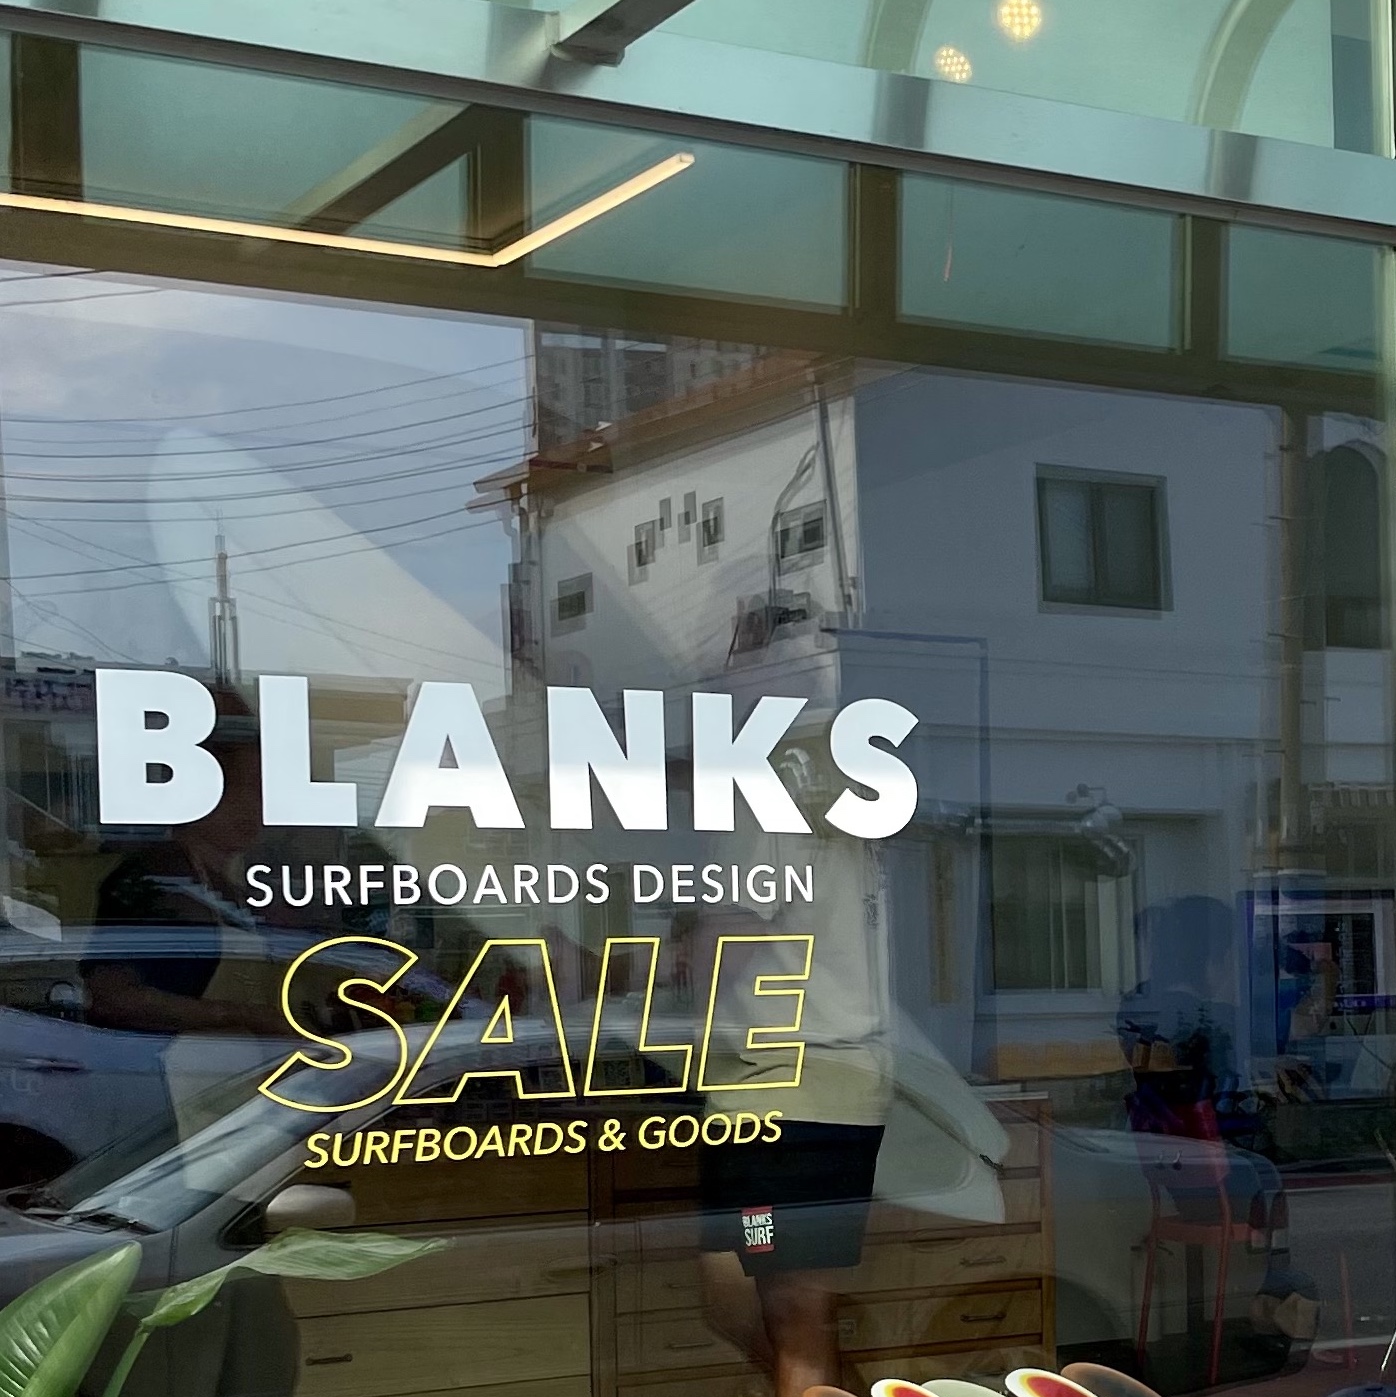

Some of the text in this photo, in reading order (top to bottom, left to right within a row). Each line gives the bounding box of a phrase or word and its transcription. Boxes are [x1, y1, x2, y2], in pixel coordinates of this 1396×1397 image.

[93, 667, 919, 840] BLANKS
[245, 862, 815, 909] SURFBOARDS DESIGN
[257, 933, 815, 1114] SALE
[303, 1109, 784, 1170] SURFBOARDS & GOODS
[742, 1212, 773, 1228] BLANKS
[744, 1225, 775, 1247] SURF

++++++++

ACTIVITY — Pictures in the entries are to be skipped, and everything else repeated word for word.

WRITTEN ANSWER —
Some of the text in this photo, in reading order (top to bottom, left to right within a row). Each line gives the bounding box of a phrase or word and its transcription. Boxes are [x1, y1, x2, y2], in pixel coordinates of this 1396×1397 image.

[93, 667, 919, 840] BLANKS
[245, 862, 815, 909] SURFBOARDS DESIGN
[257, 933, 815, 1114] SALE
[303, 1109, 784, 1170] SURFBOARDS & GOODS
[742, 1212, 773, 1228] BLANKS
[744, 1225, 775, 1247] SURF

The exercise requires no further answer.